Kepada yang saya janjikan pembahasan masalah ini, mas Arif dan mba Elly saya mohon maaf baru sempat posting jawabannya sekarang dikarenakan kesibukan dan media penyampai informasi yang sedang bermasalah. Saya ambil pembahasan tentang ini dari tanya jawab tentang membaca Al-Fatihah di balakang imam (Shalat Jahriyah) diambil dari situs ini yang insya Allah secara tidak langsung menjawab apa yang ditanyakan.

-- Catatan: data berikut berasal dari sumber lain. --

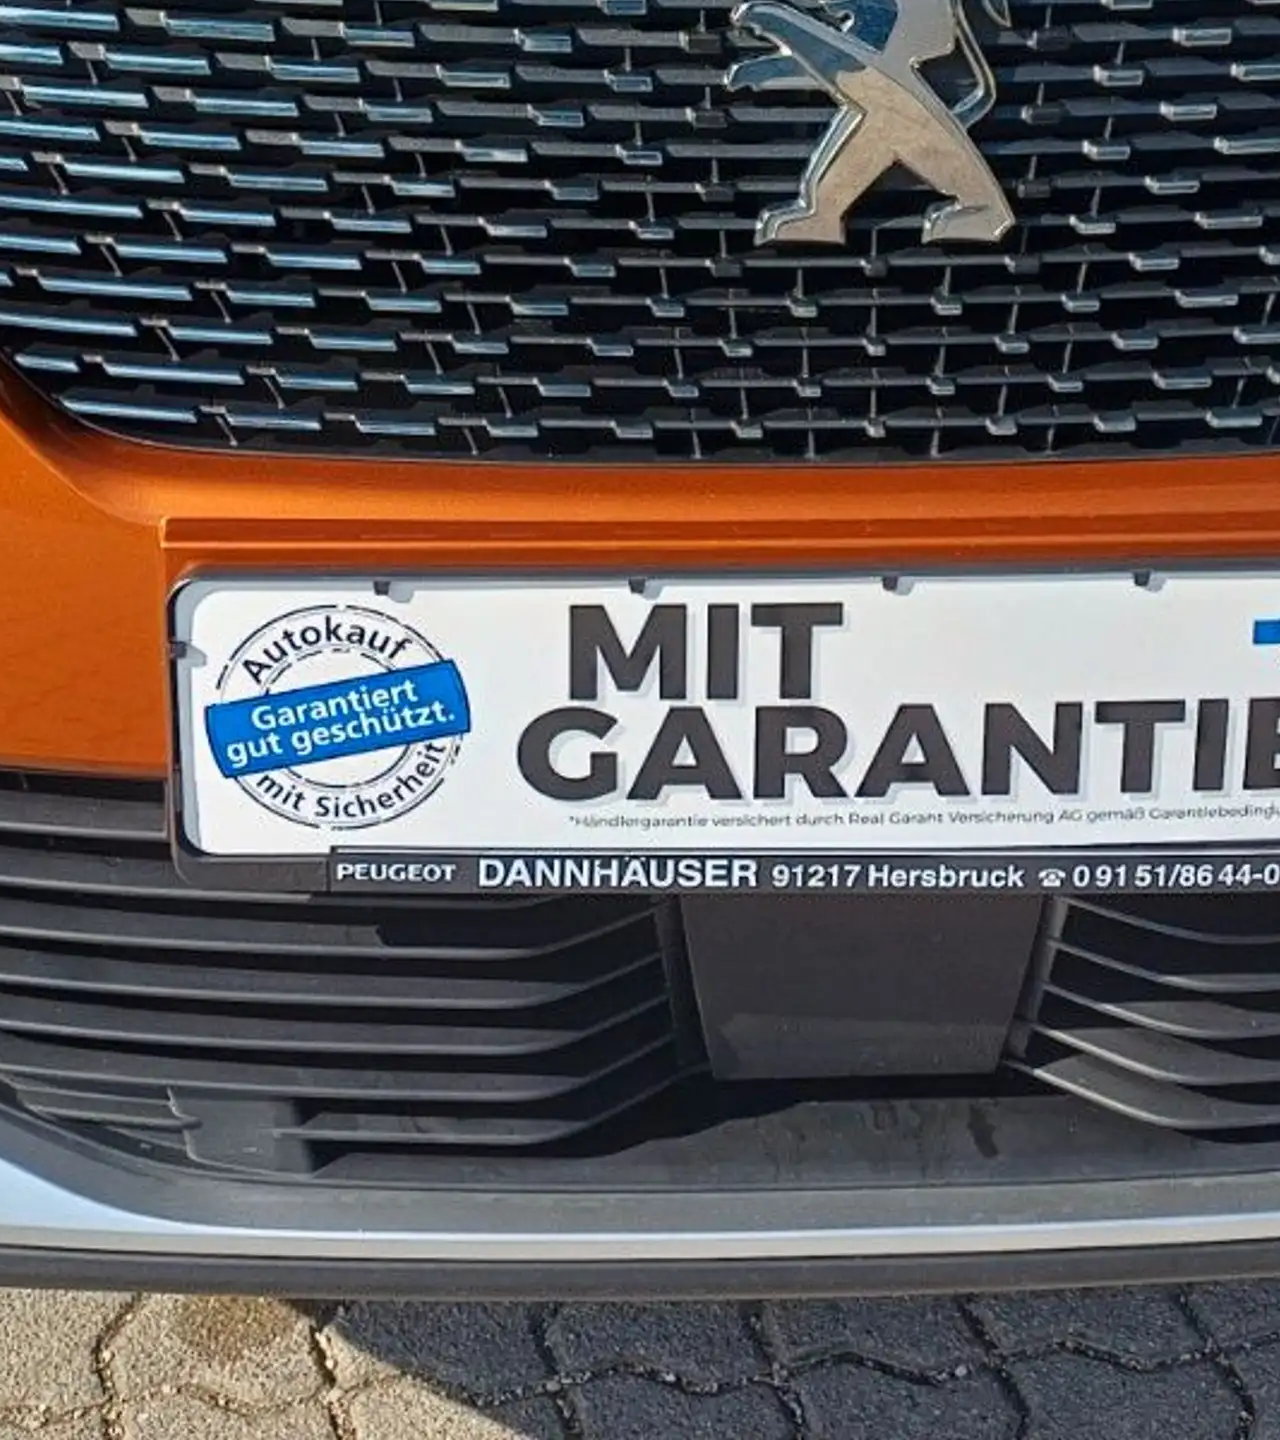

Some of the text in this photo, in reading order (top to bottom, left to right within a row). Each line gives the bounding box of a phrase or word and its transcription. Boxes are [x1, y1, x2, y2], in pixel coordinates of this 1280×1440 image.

MEMBACA AL-FATIHAH DI BELAKANG IMAM [SHALAT JAHRIYAH]
Oleh Syaikh Muhammad Nashiruddin Al-Albani

Pertanyaan
Syaikh Muhammad Nashidruddin Al-Albani ditanya : Anda menyebutkan dalam kitab Shalat Nabi, dari hadits Abu Hurairah, tentang di nasahkkannya (dihapuskannya)bacaan Al-Fatihah dibelakang Imam yang sedang shalat jahar. Kemudian anda mengeluarkan hadits ini, dan anda sebutkan bahwa hadits tersebut mempunyai penguat dan hadits Umar. Akan tetapi dalam kitab Al-I’tibar Fi An-Nasikh wa Al-Mansukh yang dikarang oleh Al-Hazimii disebutkan bahwa hadits ini diriwayatkan oleh seorang yang tidak dikenal (majhul), dimana tidak ada yang meriwayatkan dari si majhul ini kecuali hadits tersebut, dan seandainya hadits ini tsabit, yang berisi larangan untuk membaca Al-Fatihah di belakang imam yang sedang membaca ayat, maka bagaimana pendapat anda tentang perkataan Al-Hazimi?

Jawaban
Ini adalah perkara yang diperselisihkan oleh para ulama dengan perselisihan yang banyak. Dan perkataan Al-Hazimi ini mewakili para ulama yang berpendapat wajibnya membaca Al-Ftihah di belakang imam yang menjaharkan bacaannya. Di dalam perkataannya ada dua sisi ; yang pertama, dari sisi hadits, yang kedua dari sisi fiqih.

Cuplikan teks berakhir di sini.